In such condition IMF’s forecast hits the mark, that will eventually leave India ahead of Pakistan and Nepal in the regional GDP sweepstakes, while countries in South Asia — Bhutan, Sri Lanka, Maldives, and of course Bangladesh — will be ahead of India. Also, the report concluded according to the degrowth projection for India, the economies of Nepal and Bhutan are expected to grow this year.
Not only that, IMF’s forecast for India is worse than RBI’s projection of 9.5% contraction for the full fiscal. It is also despondent than the forecast of the World Bank which predicted a decline of 9.6% for FY21.
And the World Bank highlighted that the situation in India is “worse than ever”.

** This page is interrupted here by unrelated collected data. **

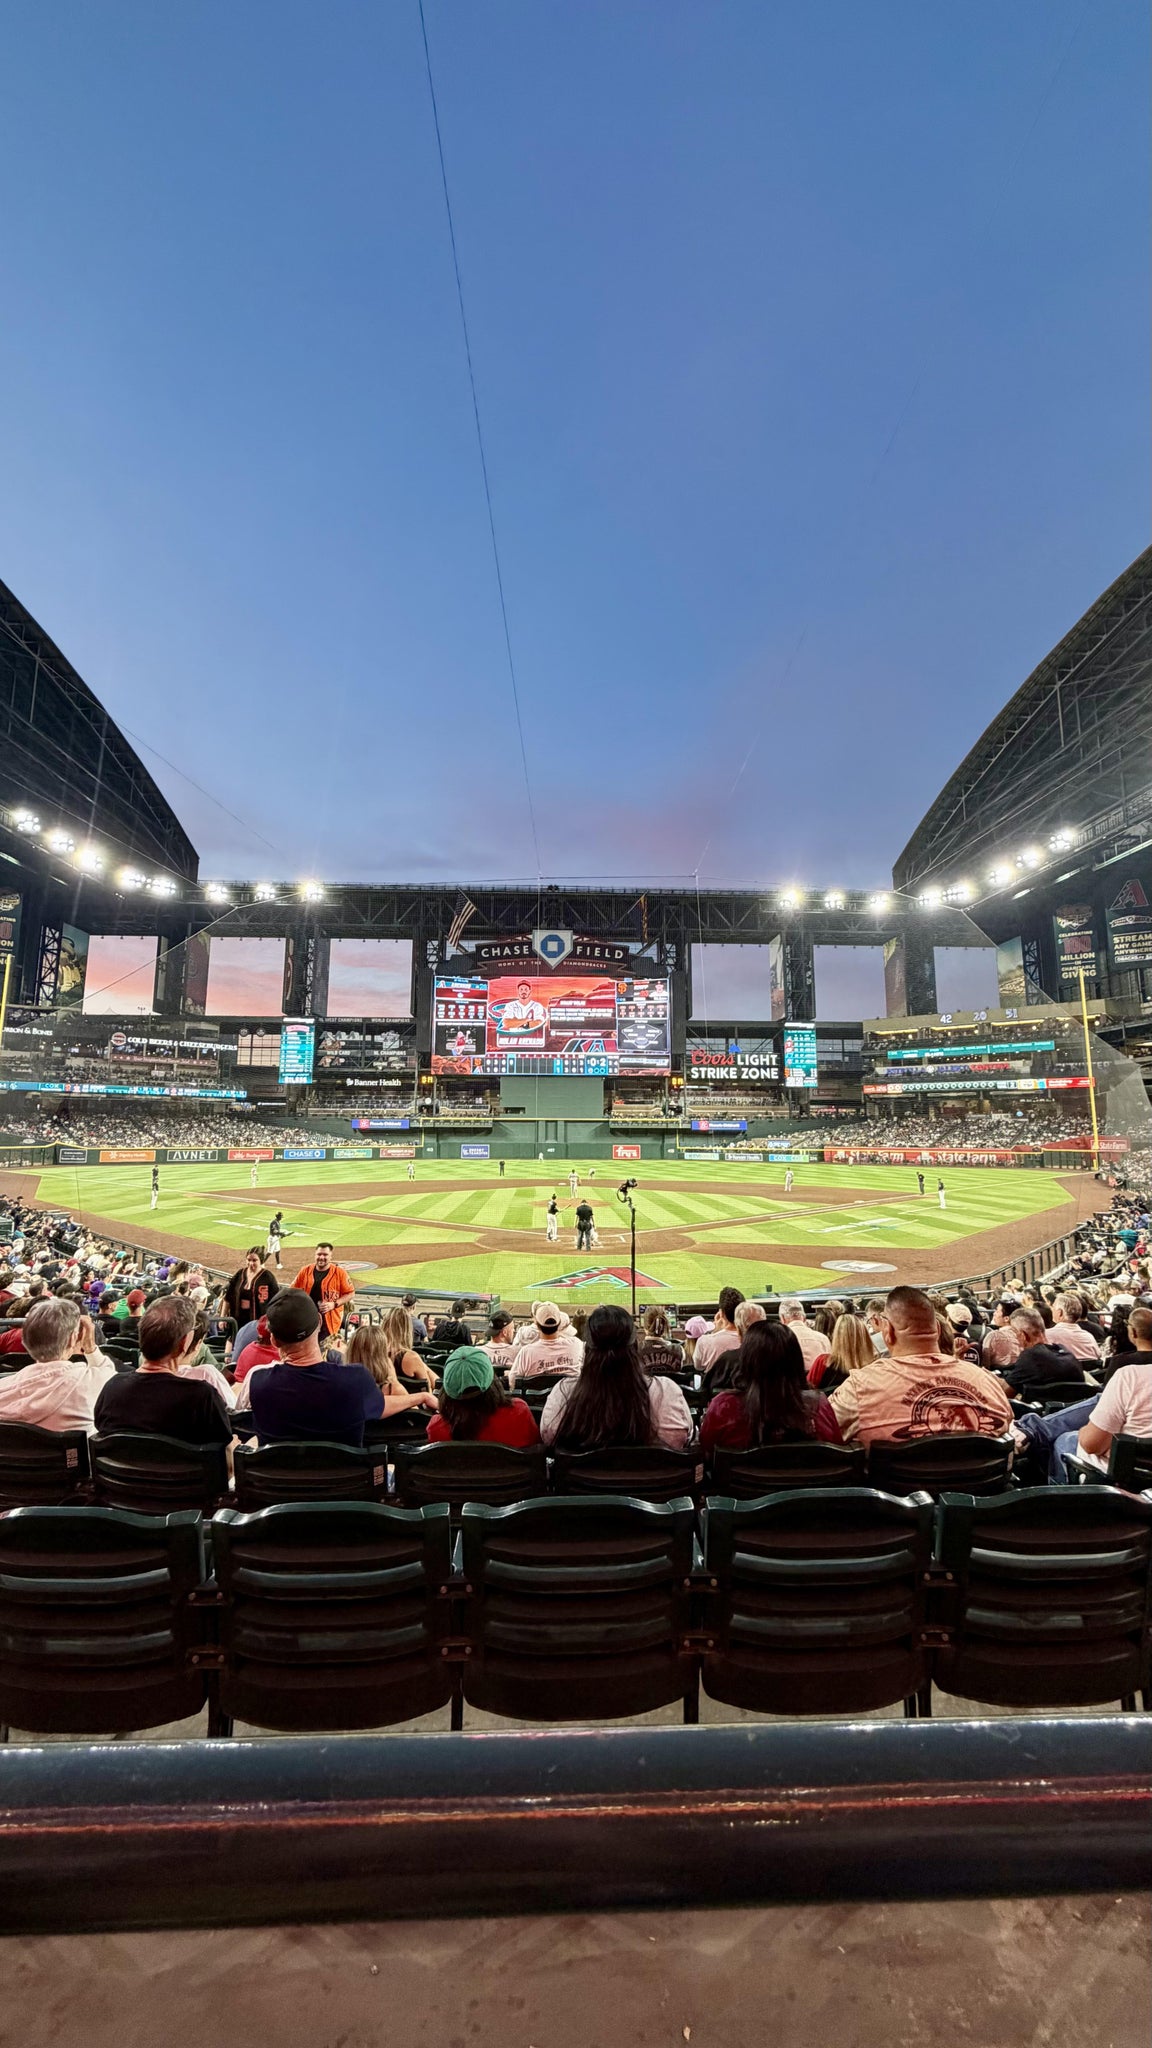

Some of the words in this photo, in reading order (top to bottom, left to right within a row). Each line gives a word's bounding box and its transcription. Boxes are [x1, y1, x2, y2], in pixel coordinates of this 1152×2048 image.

[1058, 930, 1093, 938] CELEBRATING
[481, 945, 529, 958] CHASE
[576, 946, 624, 959] FIELD
[1060, 952, 1096, 961] MILLION
[563, 961, 607, 969] DIAMONDBACKS
[1062, 970, 1097, 979] GIVNG
[940, 1014, 952, 1023] 42
[973, 1011, 987, 1021] 20
[149, 1038, 172, 1046] BEERS
[179, 1041, 238, 1050] CHEESEBURGERS
[690, 1048, 735, 1065] Coors
[737, 1054, 778, 1065] LIGHT
[691, 1067, 738, 1079] STRIKE
[741, 1068, 779, 1079] ZONE
[379, 1078, 402, 1086] Health
[172, 1151, 213, 1160] AVNET
[490, 1355, 511, 1367] ARTE
[642, 1353, 681, 1371] RIZONA
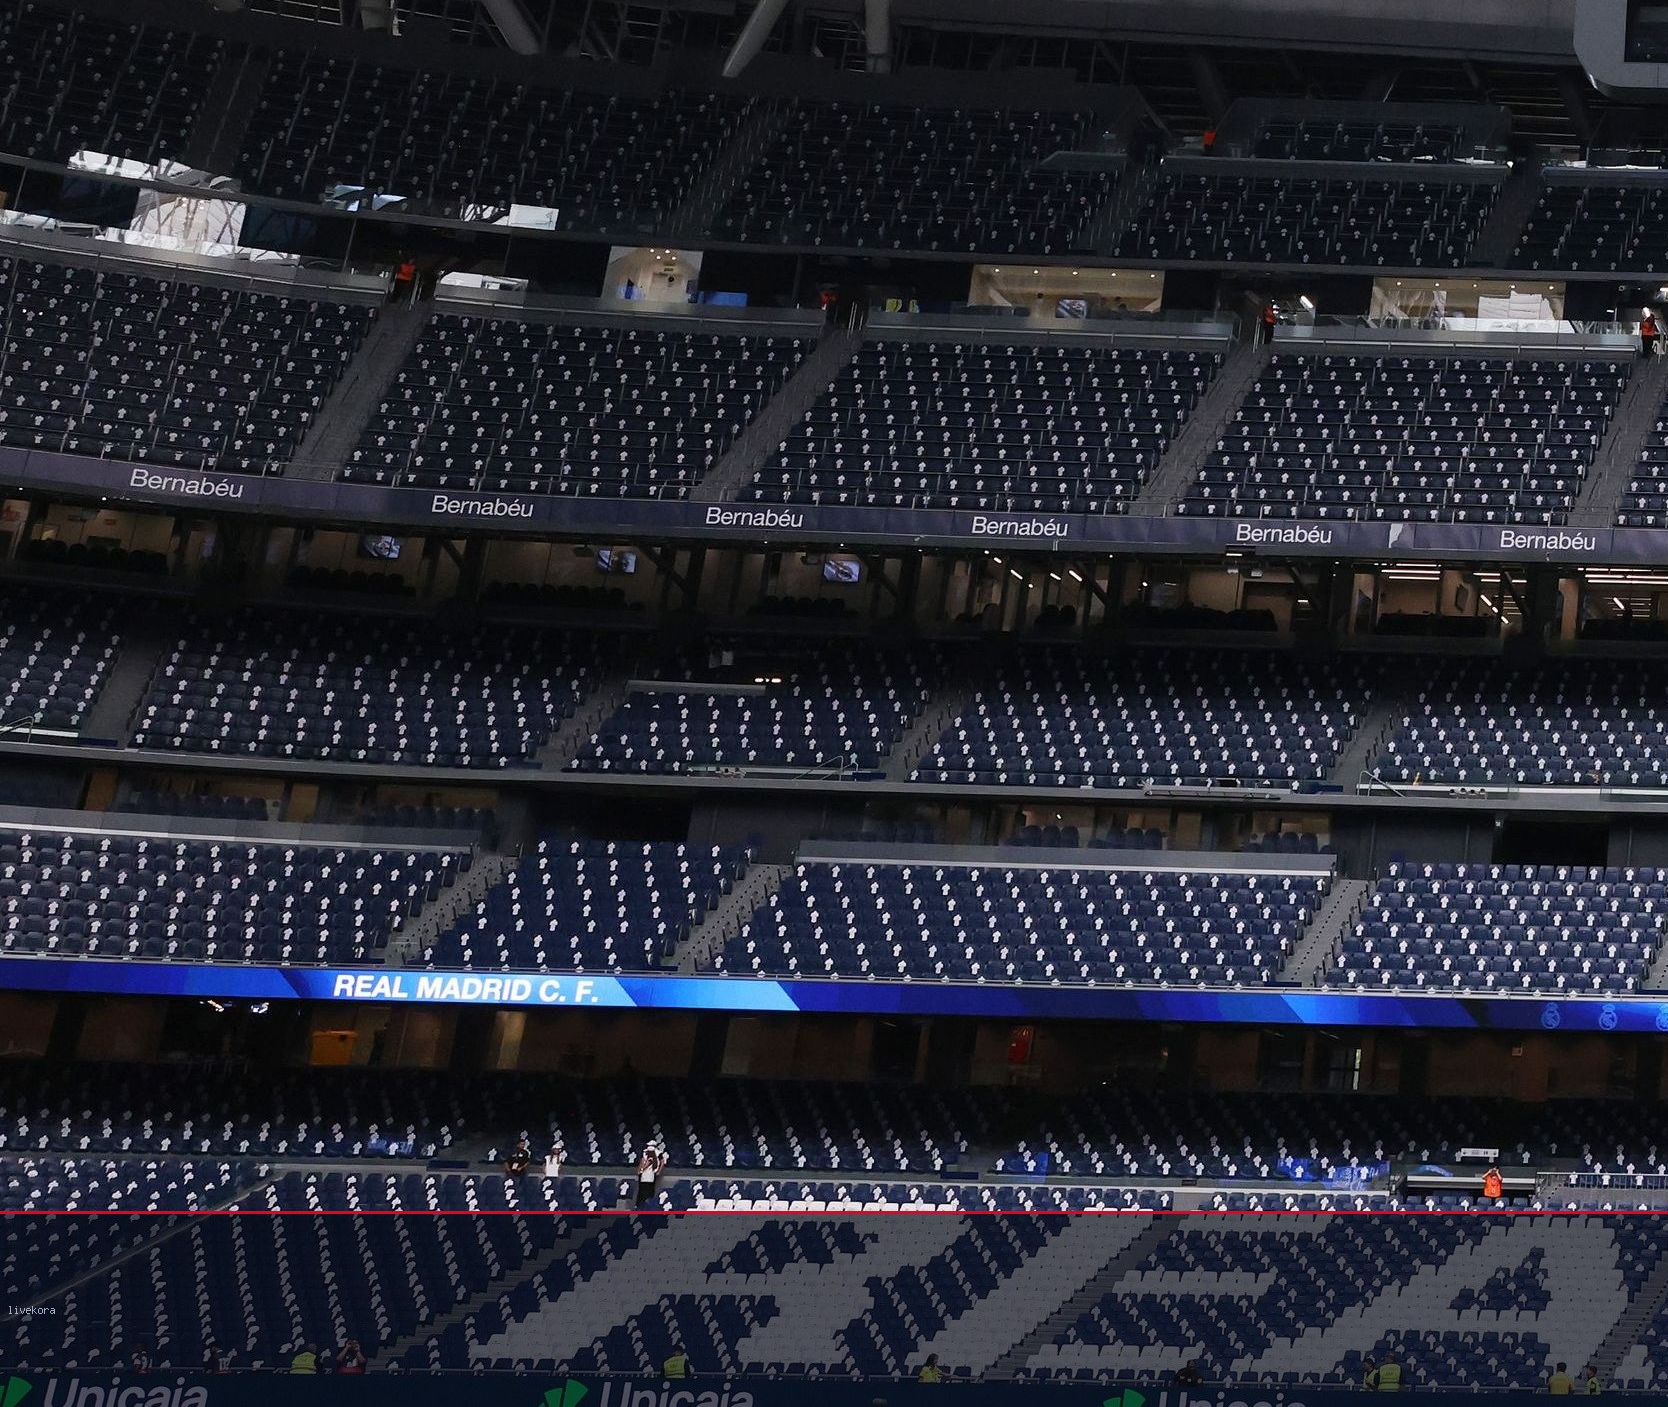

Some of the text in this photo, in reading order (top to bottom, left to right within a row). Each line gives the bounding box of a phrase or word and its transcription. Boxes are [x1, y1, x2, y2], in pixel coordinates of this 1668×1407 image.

[130, 467, 243, 500] Bernabéu
[432, 495, 533, 518] Bernabéu
[705, 507, 803, 528] Bernabéu
[972, 516, 1068, 537] Bernabéu
[1237, 523, 1332, 546] Bernabéu
[1500, 529, 1596, 551] Bernabéu
[334, 975, 598, 1004] REAL MADRID C. F.

Moreover, IMF’s report stated that India’s contraction of 10.3% is going to be the third sharpest fall in the world after Spain and Italy, which will be the sharpest decline among developing nations and emerging economies. Emerging economies other than China will witness a 5.7 percent contraction in 2020. This is worse than the 5.0 percent projected in June. By seeing this IMF is expecting a sharp recovery for India in 2021, which will get India ahead of Bangladesh once again in per capita GDP.
As specifically, the report flagged risks emanating from the unabated spread of the virus in countries such as India and Indonesia. These economies are far more reliant on worst-hit sectors like tourism and commodities as also on remittances and other sources of external finance, which IMF said would make recovery much tougher for them.